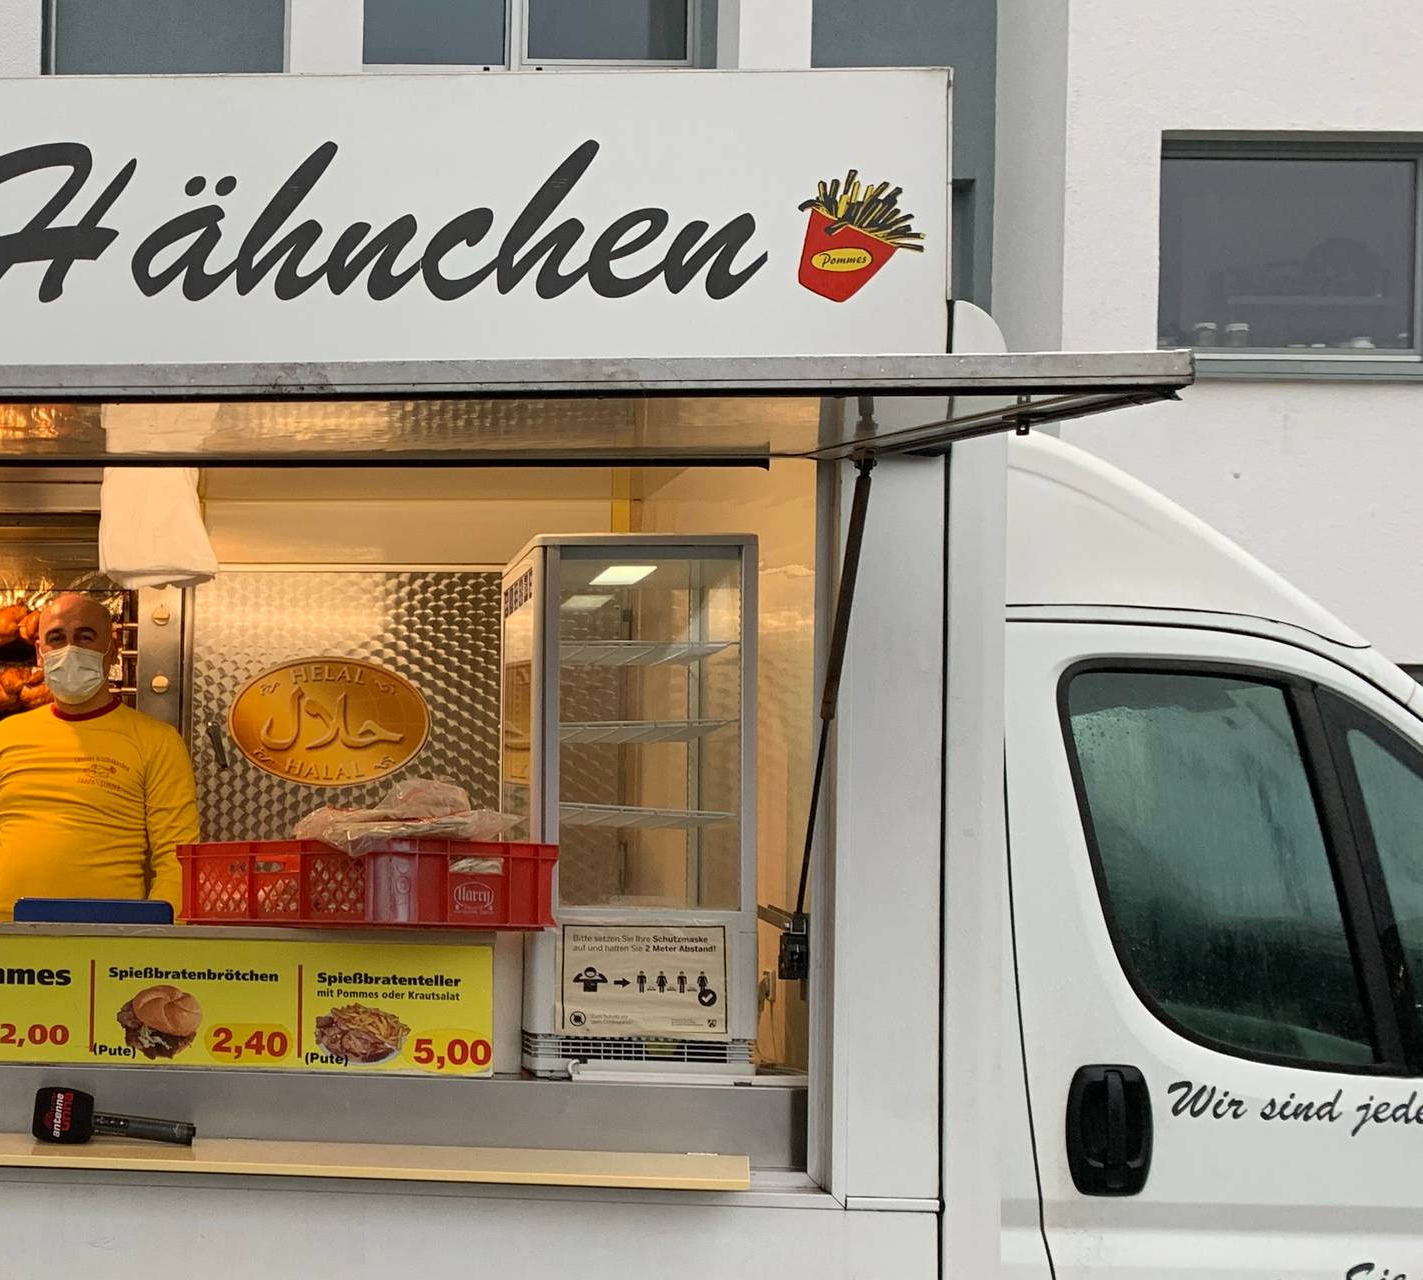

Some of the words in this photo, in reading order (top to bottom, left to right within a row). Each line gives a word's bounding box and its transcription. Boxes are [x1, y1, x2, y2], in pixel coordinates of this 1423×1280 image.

[819, 252, 867, 268] Pommes
[291, 665, 367, 686] HELAL
[260, 685, 405, 752] حلال
[284, 757, 366, 781] HALAL
[653, 935, 709, 944] Schutzmaske
[652, 945, 677, 953] Meter
[679, 945, 717, 954] Abstand!
[108, 966, 279, 984] Spießbratenbrötchen
[316, 971, 462, 989] Spießbratenteller
[316, 988, 334, 999] mit
[337, 989, 379, 1000] Pommes
[382, 990, 405, 1001] oder
[408, 990, 461, 1002] Krautsalat
[0, 1022, 71, 1048] 2,00
[212, 1026, 288, 1059] 2,40
[93, 1043, 137, 1060] (Pute)
[305, 1051, 350, 1068] (Pute)
[413, 1037, 493, 1071] 5,00
[1167, 1080, 1249, 1120] Wir
[1259, 1088, 1344, 1123] sind
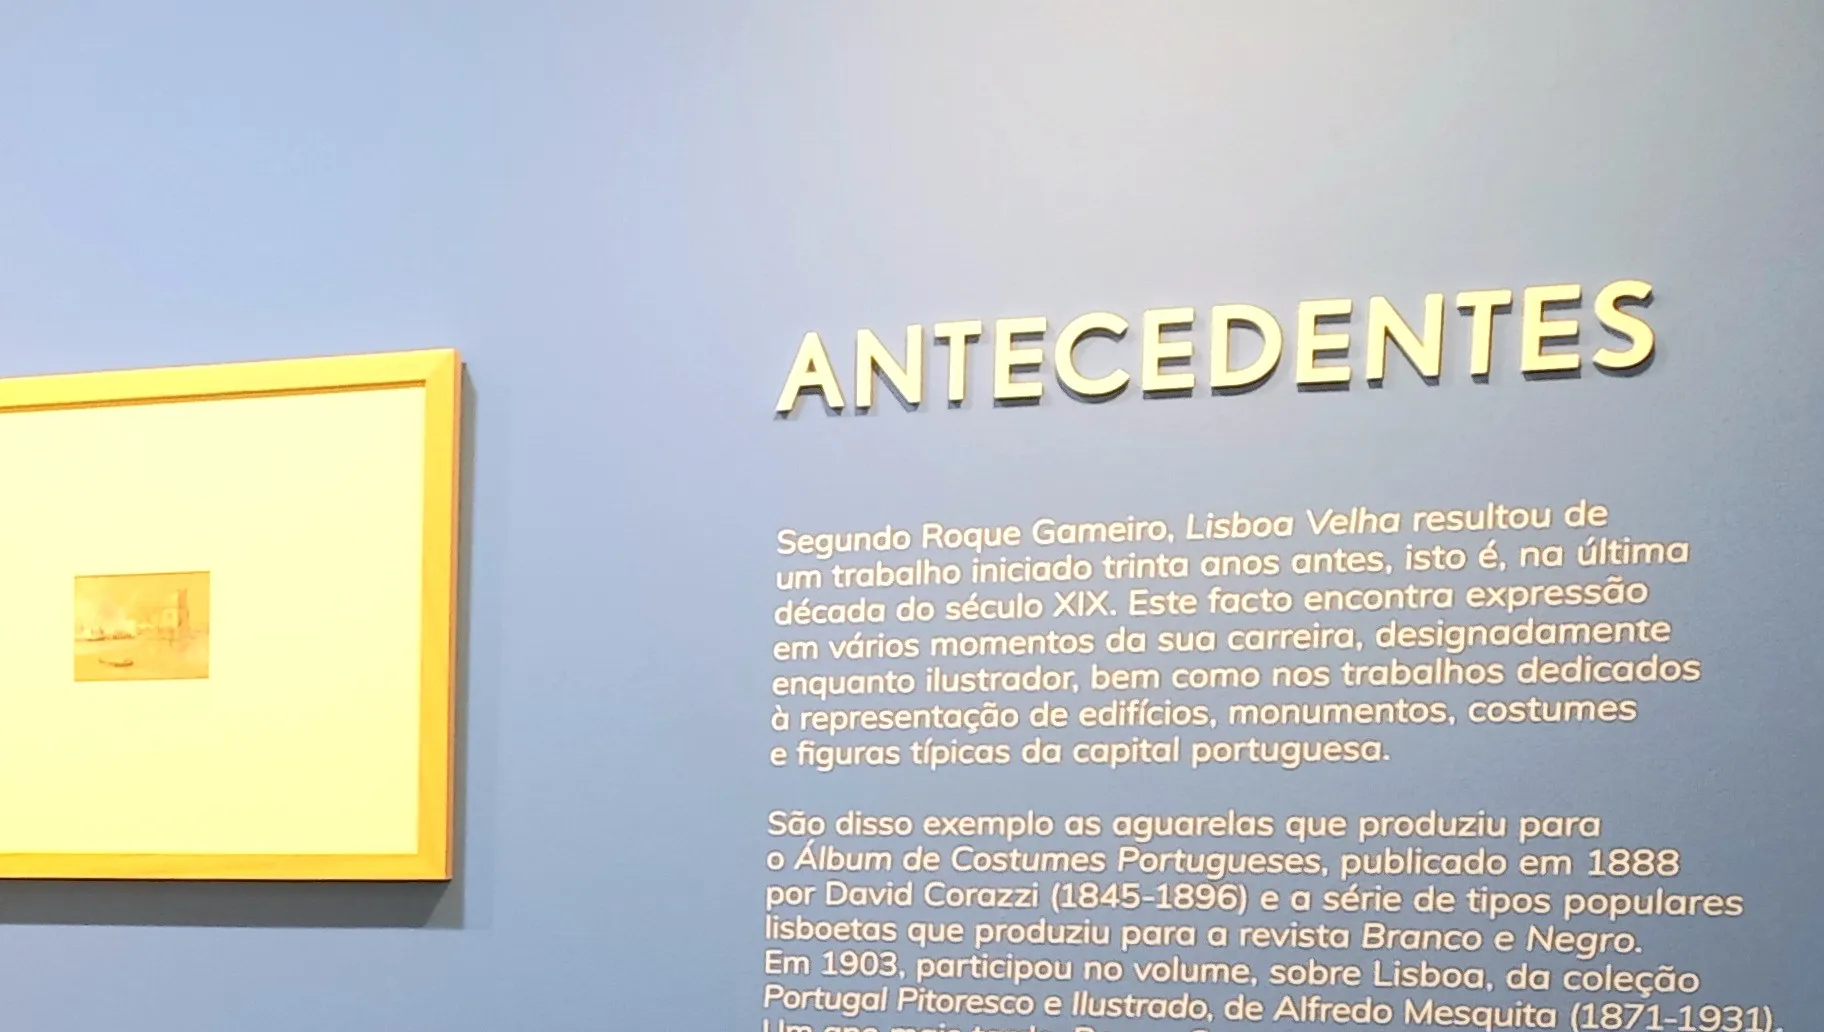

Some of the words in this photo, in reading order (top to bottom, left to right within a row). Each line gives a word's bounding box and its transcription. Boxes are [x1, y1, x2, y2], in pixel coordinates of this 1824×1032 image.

[776, 279, 1657, 413] ANTECEDENTES
[777, 524, 911, 560] Segundo
[922, 523, 1021, 554] Roque
[1032, 515, 1174, 545] Gameiro,
[1186, 511, 1294, 539] Lisboa
[1306, 506, 1400, 535] Velha
[1413, 502, 1551, 532] resultou
[1564, 499, 1608, 527] de
[776, 569, 821, 590] um
[831, 559, 961, 588] trabalho
[972, 554, 1092, 583] iniciado
[1102, 552, 1188, 579] trinta
[1200, 555, 1280, 576] anos
[1291, 548, 1392, 575] antes,
[1405, 544, 1466, 570] isto
[1478, 539, 1506, 571] é,
[1520, 546, 1563, 567] na
[1577, 536, 1689, 566] última
[774, 597, 885, 625] década
[896, 596, 935, 622] do
[946, 592, 1043, 620] século
[1053, 590, 1117, 617] XIX.
[1129, 589, 1197, 616] Este
[1208, 586, 1292, 613] facto
[1304, 584, 1453, 611] encontra
[1466, 574, 1648, 613] expressão
[773, 640, 818, 661] em
[828, 632, 920, 659] vários
[930, 631, 1094, 656] momentos
[1105, 626, 1146, 653] da
[1158, 631, 1215, 652] sua
[1227, 622, 1363, 651] carreira,
[1375, 617, 1671, 654] designadamente
[772, 670, 915, 701] enquanto
[926, 665, 1078, 693] ilustrador,
[1091, 664, 1159, 690] bem
[1172, 667, 1260, 688] como
[1272, 666, 1330, 687] nos
[1341, 657, 1504, 686] trabalhos
[1517, 653, 1701, 684] dedicados
[771, 704, 789, 731] à
[800, 701, 1019, 736] representação
[1029, 701, 1068, 727] de
[1078, 698, 1217, 729] edifícios,
[1229, 698, 1456, 726] monumentos,
[1468, 697, 1637, 723] costumes
[770, 747, 787, 766] e
[796, 740, 900, 772] figuras
[910, 737, 1011, 771] típicas
[1021, 737, 1062, 763] da
[1073, 736, 1180, 769] capital
[1192, 738, 1390, 769] portuguesa.
[768, 810, 825, 836] São
[835, 810, 913, 836] disso
[923, 810, 1054, 842] exemplo
[1064, 816, 1101, 836] as
[1112, 809, 1274, 843] aguarelas
[1285, 816, 1347, 843] que
[1359, 809, 1506, 843] produziu
[1519, 816, 1600, 844] para
[766, 851, 785, 870] o
[793, 838, 892, 871] Álbum
[902, 845, 941, 871] de
[951, 845, 1106, 872] Costumes
[1117, 846, 1328, 880] Portugueses,
[1341, 847, 1507, 881] publicado
[1519, 855, 1572, 875] em
[1588, 848, 1680, 876] 1888
[766, 886, 816, 911] por
[825, 880, 913, 906] David
[924, 881, 1039, 907] Corazzi
[1051, 882, 1247, 915] (1845-1896)
[1260, 890, 1279, 910] e
[1290, 890, 1311, 911] a
[1322, 883, 1402, 912] série
[1413, 885, 1455, 912] de
[1465, 886, 1551, 920] tipos
[1564, 887, 1744, 921] populares
[765, 914, 897, 941] lisboetas
[907, 922, 964, 948] que
[975, 918, 1110, 949] produziu
[1121, 925, 1195, 952] para
[1207, 927, 1227, 947] a
[1240, 921, 1349, 949] revista
[1361, 922, 1482, 951] Branco
[1494, 931, 1515, 951] e
[1526, 924, 1642, 960] Negro.
[765, 949, 810, 975] Em
[822, 950, 905, 979] 1903,
[916, 953, 1072, 985] participou
[1084, 961, 1123, 981] no
[1133, 955, 1258, 987] volume,
[1269, 958, 1361, 986] sobre
[1373, 959, 1493, 992] Lisboa,
[1506, 962, 1550, 990] da
[1563, 963, 1700, 999] coleção
[764, 984, 888, 1017] Portugal
[897, 987, 1034, 1015] Pitoresco
[1044, 996, 1062, 1016] e
[1072, 990, 1213, 1022] Ilustrado,
[1224, 993, 1263, 1021] de
[1273, 995, 1393, 1024] Alfredo
[1404, 998, 1557, 1032] Mesquita

○ ○ ○

## Your assignment
Drop the images; restate the listing exactly.

## Answer to this task
Some of the words in this photo, in reading order (top to bottom, left to right within a row). Each line gives a word's bounding box and its transcription. Boxes are [x1, y1, x2, y2], in pixel coordinates of this 1423×1280 image.

[819, 252, 867, 268] Pommes
[291, 665, 367, 686] HELAL
[260, 685, 405, 752] حلال
[284, 757, 366, 781] HALAL
[653, 935, 709, 944] Schutzmaske
[652, 945, 677, 953] Meter
[679, 945, 717, 954] Abstand!
[108, 966, 279, 984] Spießbratenbrötchen
[316, 971, 462, 989] Spießbratenteller
[316, 988, 334, 999] mit
[337, 989, 379, 1000] Pommes
[382, 990, 405, 1001] oder
[408, 990, 461, 1002] Krautsalat
[0, 1022, 71, 1048] 2,00
[212, 1026, 288, 1059] 2,40
[93, 1043, 137, 1060] (Pute)
[305, 1051, 350, 1068] (Pute)
[413, 1037, 493, 1071] 5,00
[1167, 1080, 1249, 1120] Wir
[1259, 1088, 1344, 1123] sind

Some of the words in this photo, in reading order (top to bottom, left to right within a row). Each line gives a word's bounding box and its transcription. Boxes are [x1, y1, x2, y2], in pixel coordinates of this 1824×1032 image.

[776, 279, 1657, 413] ANTECEDENTES
[777, 524, 911, 560] Segundo
[922, 523, 1021, 554] Roque
[1032, 515, 1174, 545] Gameiro,
[1186, 511, 1294, 539] Lisboa
[1306, 506, 1400, 535] Velha
[1413, 502, 1551, 532] resultou
[1564, 499, 1608, 527] de
[776, 569, 821, 590] um
[831, 559, 961, 588] trabalho
[972, 554, 1092, 583] iniciado
[1102, 552, 1188, 579] trinta
[1200, 555, 1280, 576] anos
[1291, 548, 1392, 575] antes,
[1405, 544, 1466, 570] isto
[1478, 539, 1506, 571] é,
[1520, 546, 1563, 567] na
[1577, 536, 1689, 566] última
[774, 597, 885, 625] década
[896, 596, 935, 622] do
[946, 592, 1043, 620] século
[1053, 590, 1117, 617] XIX.
[1129, 589, 1197, 616] Este
[1208, 586, 1292, 613] facto
[1304, 584, 1453, 611] encontra
[1466, 574, 1648, 613] expressão
[773, 640, 818, 661] em
[828, 632, 920, 659] vários
[930, 631, 1094, 656] momentos
[1105, 626, 1146, 653] da
[1158, 631, 1215, 652] sua
[1227, 622, 1363, 651] carreira,
[1375, 617, 1671, 654] designadamente
[772, 670, 915, 701] enquanto
[926, 665, 1078, 693] ilustrador,
[1091, 664, 1159, 690] bem
[1172, 667, 1260, 688] como
[1272, 666, 1330, 687] nos
[1341, 657, 1504, 686] trabalhos
[1517, 653, 1701, 684] dedicados
[771, 704, 789, 731] à
[800, 701, 1019, 736] representação
[1029, 701, 1068, 727] de
[1078, 698, 1217, 729] edifícios,
[1229, 698, 1456, 726] monumentos,
[1468, 697, 1637, 723] costumes
[770, 747, 787, 766] e
[796, 740, 900, 772] figuras
[910, 737, 1011, 771] típicas
[1021, 737, 1062, 763] da
[1073, 736, 1180, 769] capital
[1192, 738, 1390, 769] portuguesa.
[768, 810, 825, 836] São
[835, 810, 913, 836] disso
[923, 810, 1054, 842] exemplo
[1064, 816, 1101, 836] as
[1112, 809, 1274, 843] aguarelas
[1285, 816, 1347, 843] que
[1359, 809, 1506, 843] produziu
[1519, 816, 1600, 844] para
[766, 851, 785, 870] o
[793, 838, 892, 871] Álbum
[902, 845, 941, 871] de
[951, 845, 1106, 872] Costumes
[1117, 846, 1328, 880] Portugueses,
[1341, 847, 1507, 881] publicado
[1519, 855, 1572, 875] em
[1588, 848, 1680, 876] 1888
[766, 886, 816, 911] por
[825, 880, 913, 906] David
[924, 881, 1039, 907] Corazzi
[1051, 882, 1247, 915] (1845-1896)
[1260, 890, 1279, 910] e
[1290, 890, 1311, 911] a
[1322, 883, 1402, 912] série
[1413, 885, 1455, 912] de
[1465, 886, 1551, 920] tipos
[1564, 887, 1744, 921] populares
[765, 914, 897, 941] lisboetas
[907, 922, 964, 948] que
[975, 918, 1110, 949] produziu
[1121, 925, 1195, 952] para
[1207, 927, 1227, 947] a
[1240, 921, 1349, 949] revista
[1361, 922, 1482, 951] Branco
[1494, 931, 1515, 951] e
[1526, 924, 1642, 960] Negro.
[765, 949, 810, 975] Em
[822, 950, 905, 979] 1903,
[916, 953, 1072, 985] participou
[1084, 961, 1123, 981] no
[1133, 955, 1258, 987] volume,
[1269, 958, 1361, 986] sobre
[1373, 959, 1493, 992] Lisboa,
[1506, 962, 1550, 990] da
[1563, 963, 1700, 999] coleção
[764, 984, 888, 1017] Portugal
[897, 987, 1034, 1015] Pitoresco
[1044, 996, 1062, 1016] e
[1072, 990, 1213, 1022] Ilustrado,
[1224, 993, 1263, 1021] de
[1273, 995, 1393, 1024] Alfredo
[1404, 998, 1557, 1032] Mesquita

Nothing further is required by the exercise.